Hitler: And it isn't, either. A publication is an official Party [organ] when it bears the emblem of the Party.

Hitler (shouting, red-faced): How dare you say, Herr Attorney, that is an invitation to illegality? That is a statement without proof!
Litten: How is it possible that the Party publishing house takes over a journal that stands in stark contrast to the Party line?
Presiding judge: That doesn't have anything to do with this trial.

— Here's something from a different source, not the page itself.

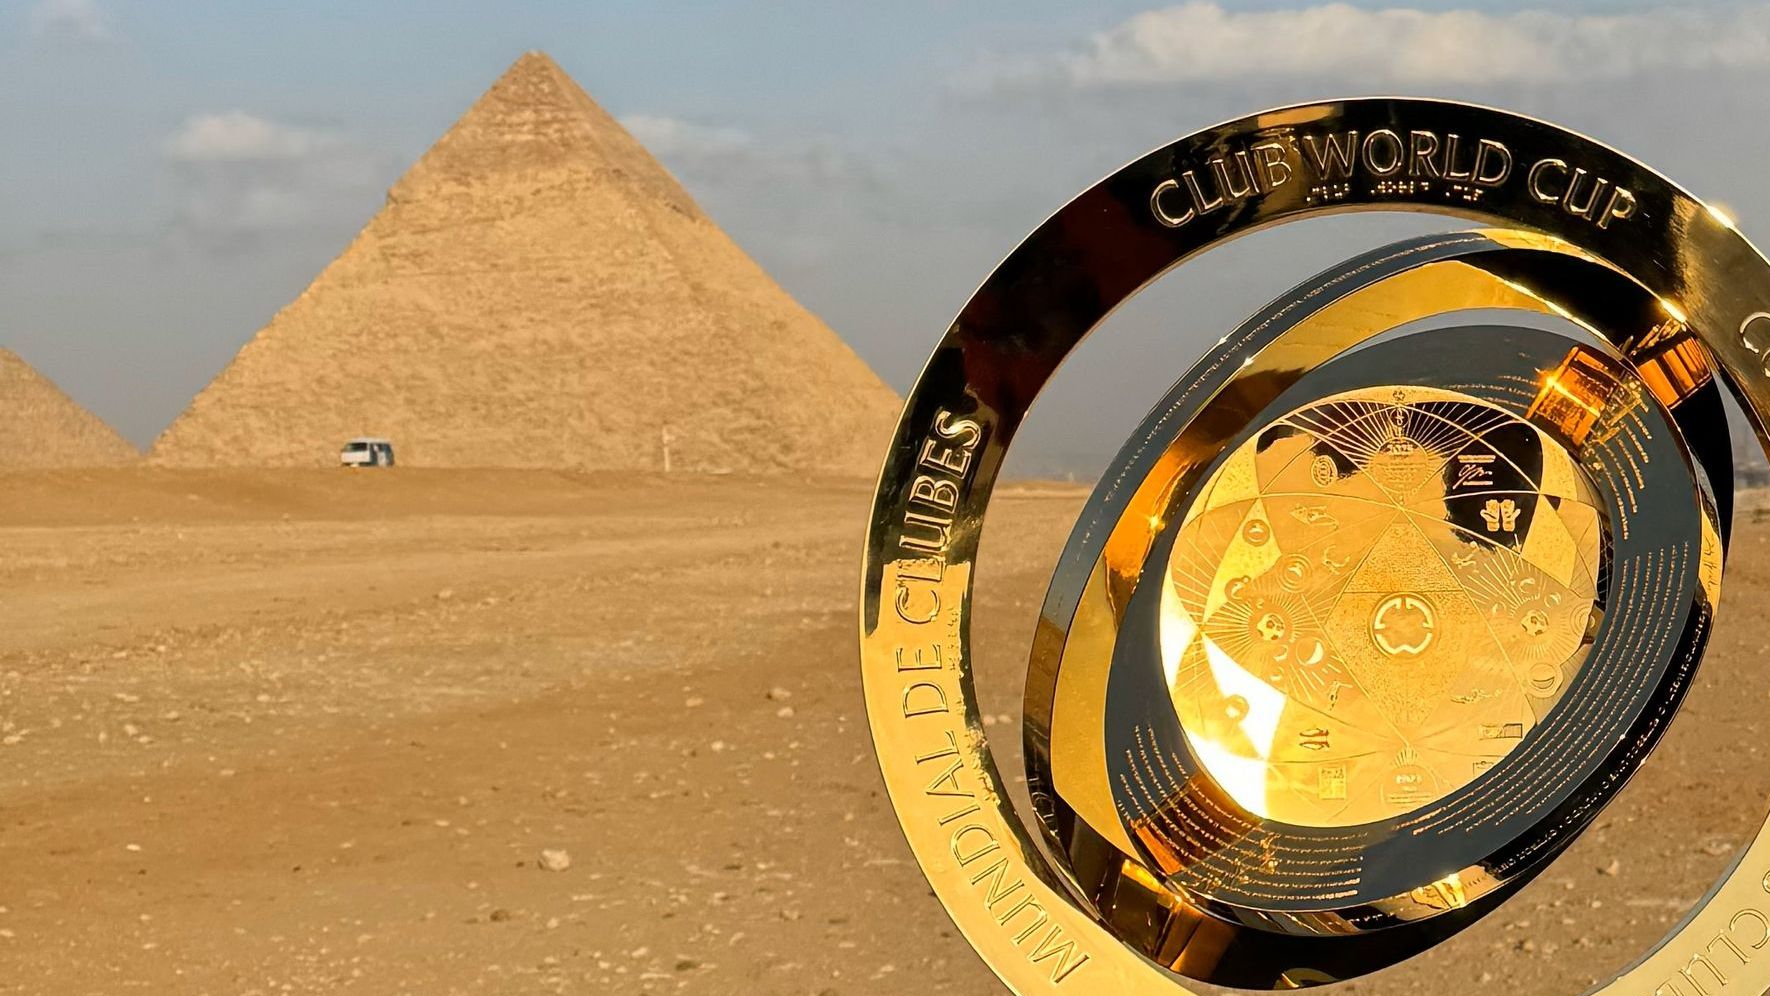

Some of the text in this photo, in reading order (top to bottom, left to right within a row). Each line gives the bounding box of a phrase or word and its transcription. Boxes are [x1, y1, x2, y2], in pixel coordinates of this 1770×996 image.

Ian Hart does a great job of letting Hitler start out calmly and in tune with the image Hitler was trying to portray at the time and then showing the mounting rage and frustration of finding himself out of his usual arena (the first time he goes into a speech, Litten stops him and demands an answer to the question asked instead). If you've seen him last as Professor Quirrel in the first Harry Potter movie, it must be eerie, and if like me you've seen him play John Lennon not once but twice it's even weirder, but there is no problem of suspending disbelief here. (Also, the script with two exceptions - when he gets the summons, and mid-trial, when he has a brief staring at himself in the mirror moment in the restroom - never shows Hitler outside the courtroom; this is not a Hitler bio pic, we're strictly in Litten's pov. Ed Stoppard, who carries the film, conveys both the breezy confidence of a successful lawyer (which gets shaken) and the burning sincerity of Litten's belief. Frustratingly, his very last line is one of those few occasions where the script goes for bland instead of accurate. Litten gets told by his friends that he should get out of Germany now. In the film, Litten replies with a statement of needing to stay in order to remind the nation of their better selves and not to give up the fight against Hitler, which is so movie-esque vaguely good intentioned and so fake, as opposed to the rest of the film. What he actually said was "The millions of workers can't leave here, so I must stay too". Litten's socialism was one reason why it took the West quite a while to discover him as a hero post war (the fact he was also solidly anti-Stalin and made no secret about it was the reason East Germany ignored him, too). But must we in 2013 still make sure the hero of a film can in no way be taken for a Commie? In a BBC production, no less? Really, BBC. Really.

Anyway. Should you, like me, be able to watch the international BBCiPlayer, check out the film; it's very worth it. And fulfills the need to see Hitler, of all the people, be confronted legally and forced to answer where he doesn't want to, which I wasn't surprised I had.